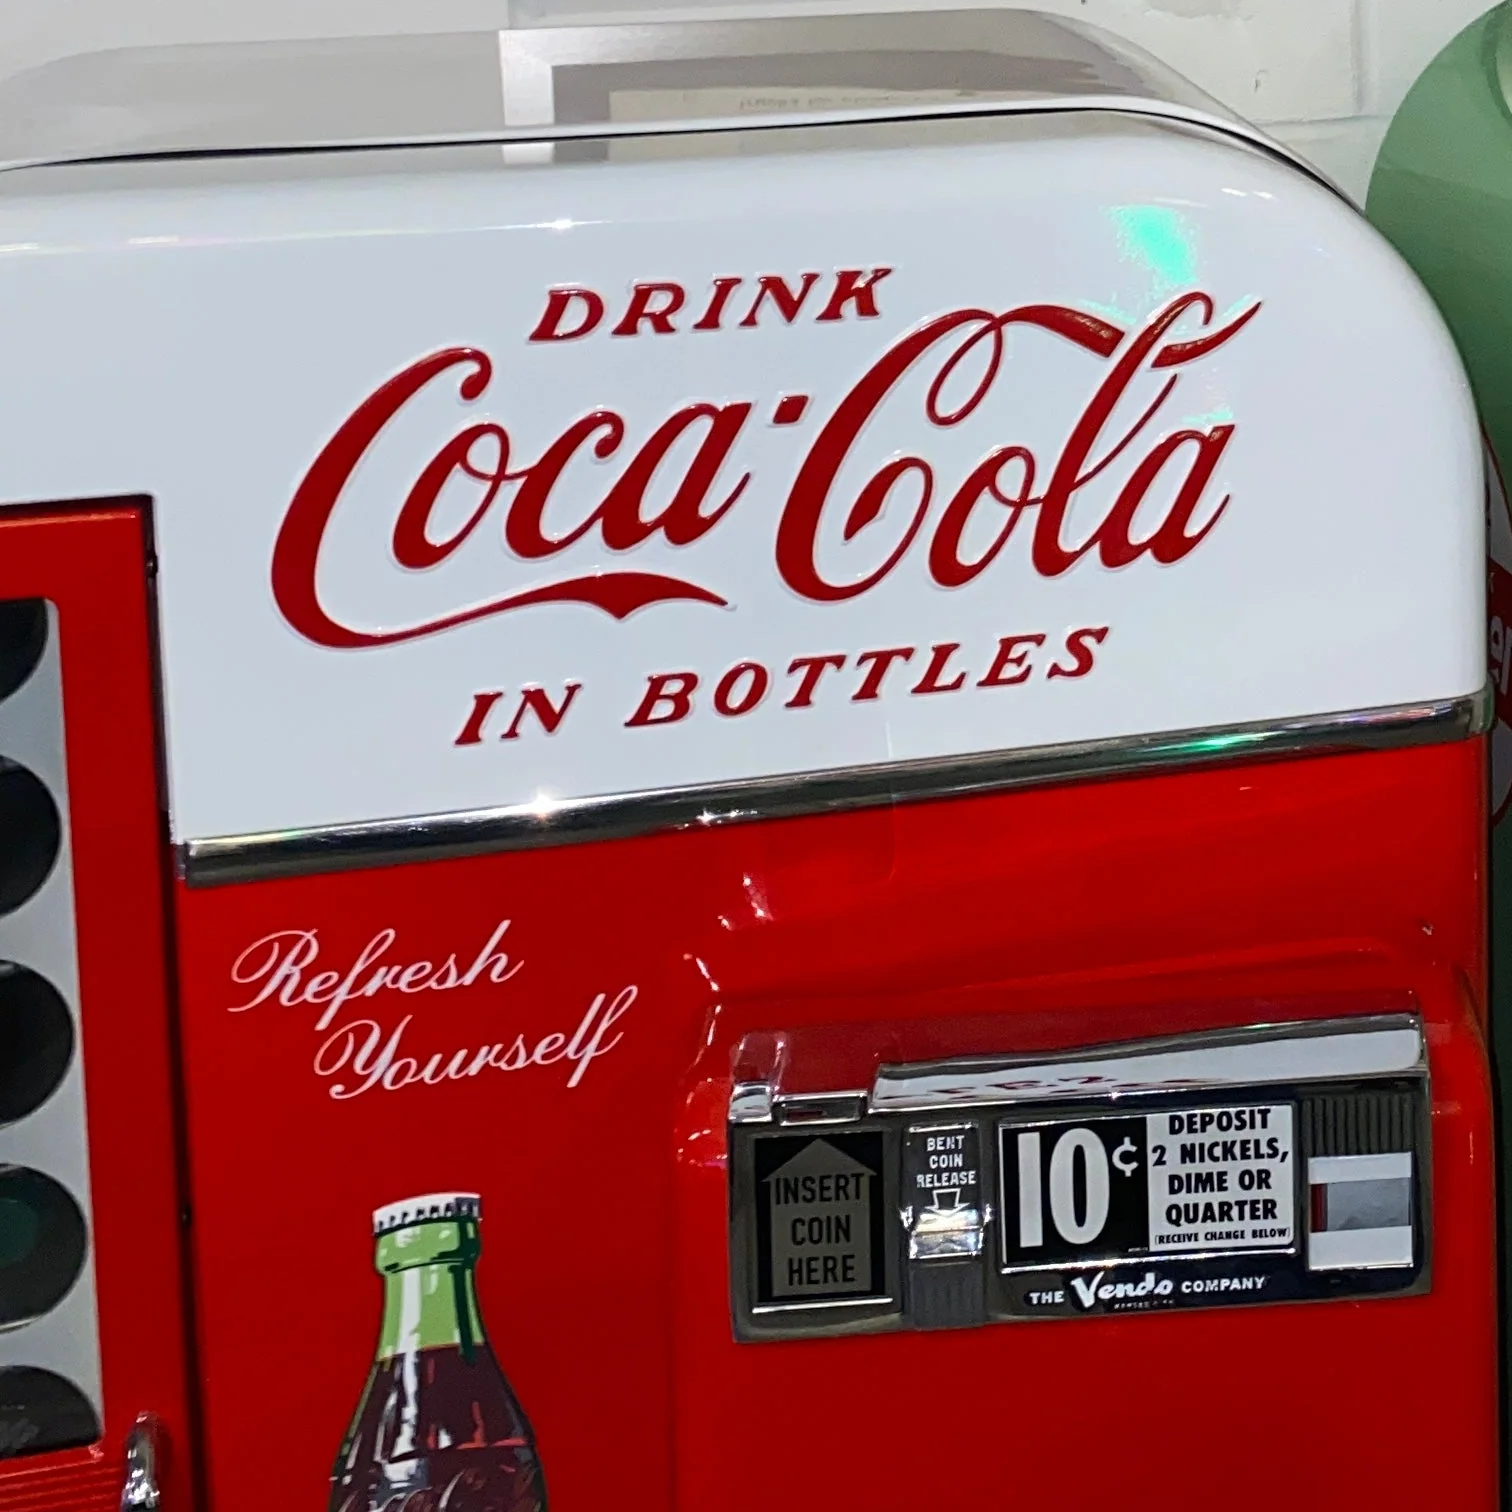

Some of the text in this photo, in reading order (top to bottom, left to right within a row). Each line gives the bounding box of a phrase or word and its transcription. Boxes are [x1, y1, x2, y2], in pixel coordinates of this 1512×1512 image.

● ● ● ● ● ● ●

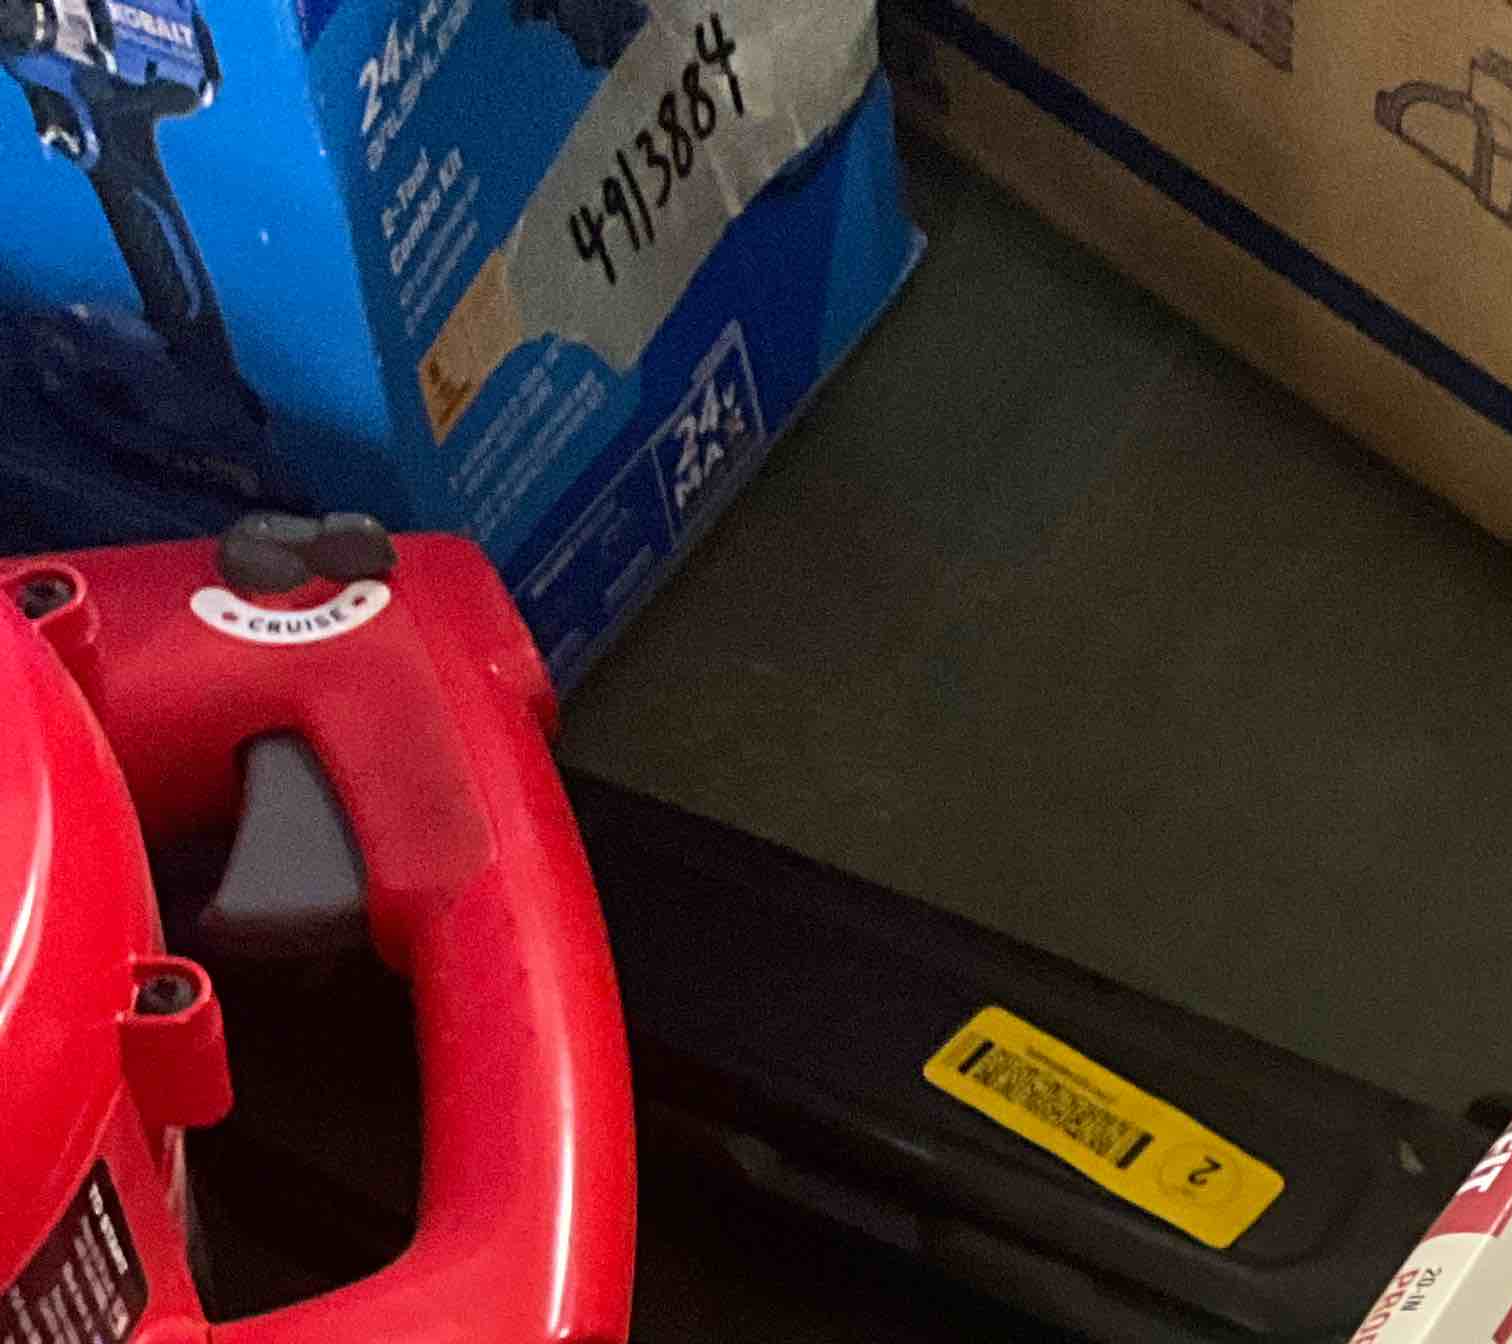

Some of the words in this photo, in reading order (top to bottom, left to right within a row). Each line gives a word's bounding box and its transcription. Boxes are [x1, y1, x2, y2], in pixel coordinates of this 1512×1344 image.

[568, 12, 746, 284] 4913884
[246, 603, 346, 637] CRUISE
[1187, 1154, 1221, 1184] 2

● ● ● ● ● ● ●

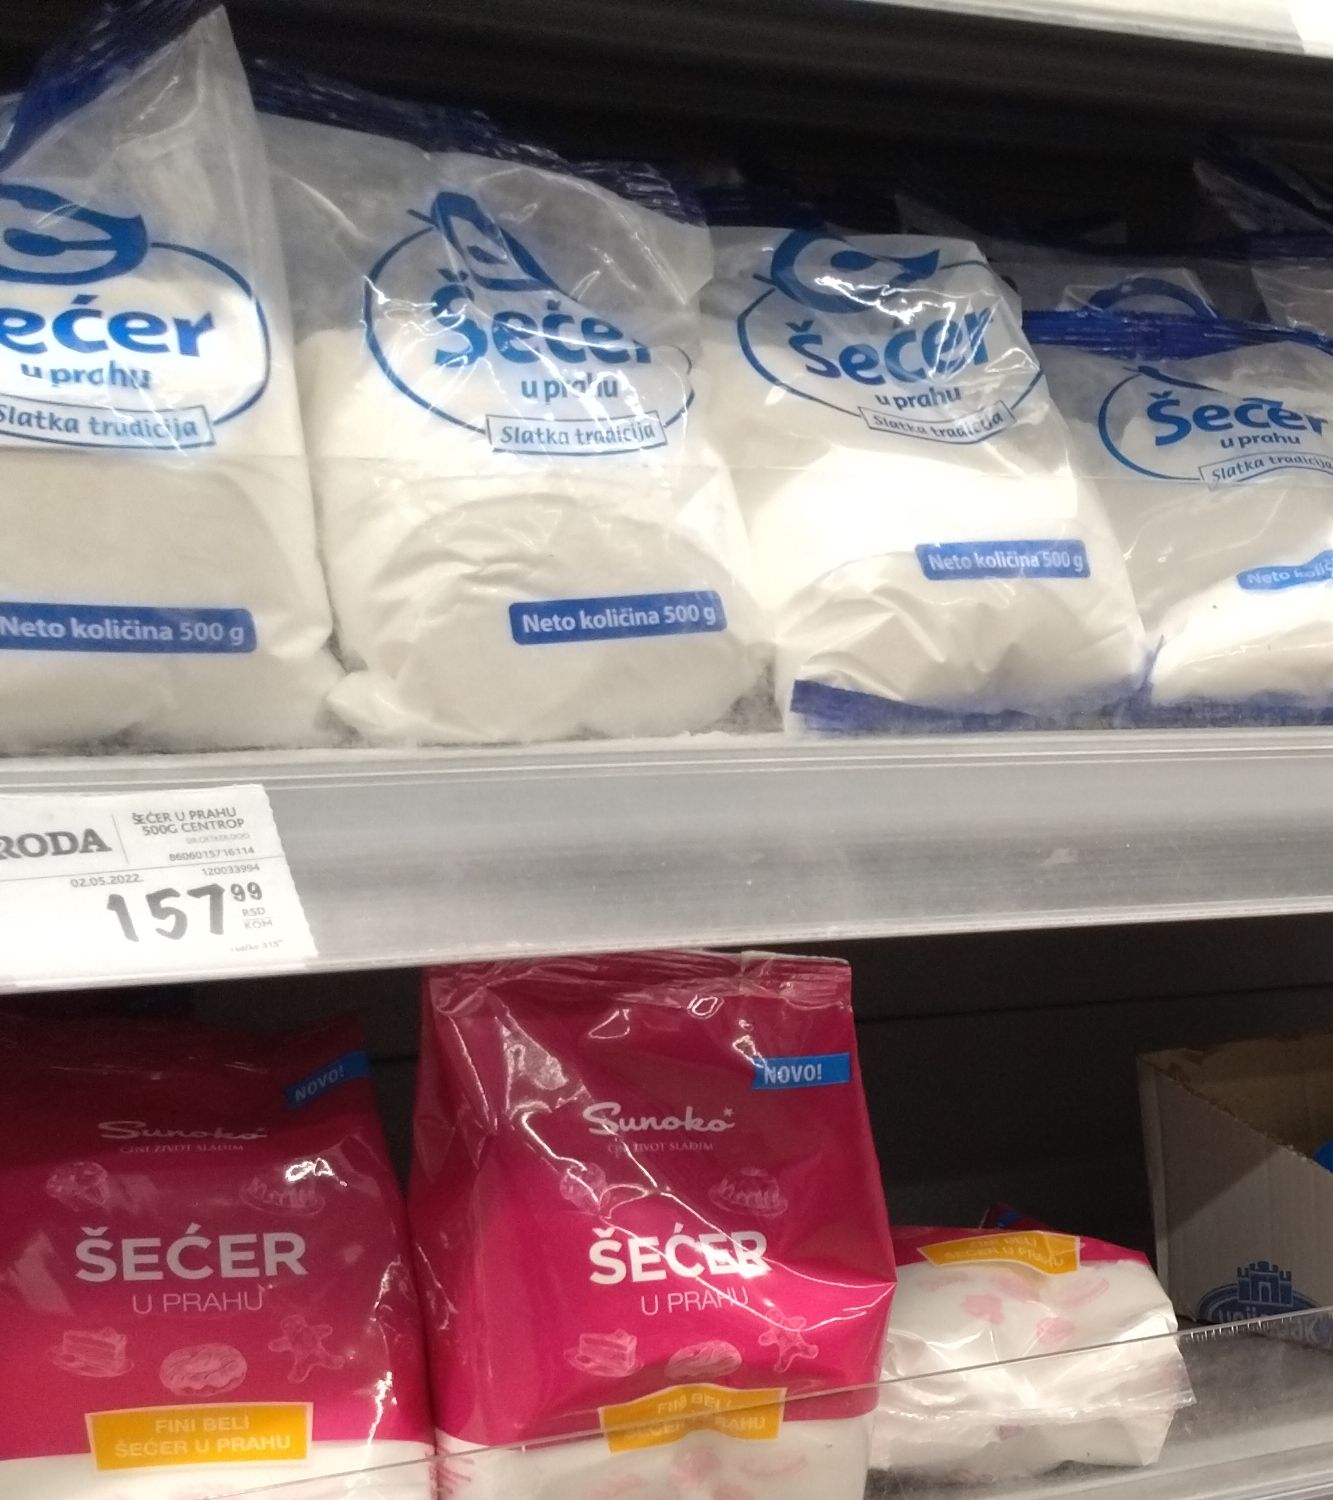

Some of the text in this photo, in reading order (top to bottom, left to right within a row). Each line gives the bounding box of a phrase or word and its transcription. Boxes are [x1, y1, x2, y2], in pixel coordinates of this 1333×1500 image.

● ● ● ● ● ● ●

• _Task requirements_: In the material above, which lines contain "phrase"? Copy each of them.

• _Result for this task_:
Some of the text in this photo, in reading order (top to bottom, left to right within a row). Each line gives the bounding box of a phrase or word and its transcription. Boxes are [x1, y1, x2, y2], in pixel coordinates of this 1512×1512 image.
Some of the text in this photo, in reading order (top to bottom, left to right within a row). Each line gives the bounding box of a phrase or word and its transcription. Boxes are [x1, y1, x2, y2], in pixel coordinates of this 1333×1500 image.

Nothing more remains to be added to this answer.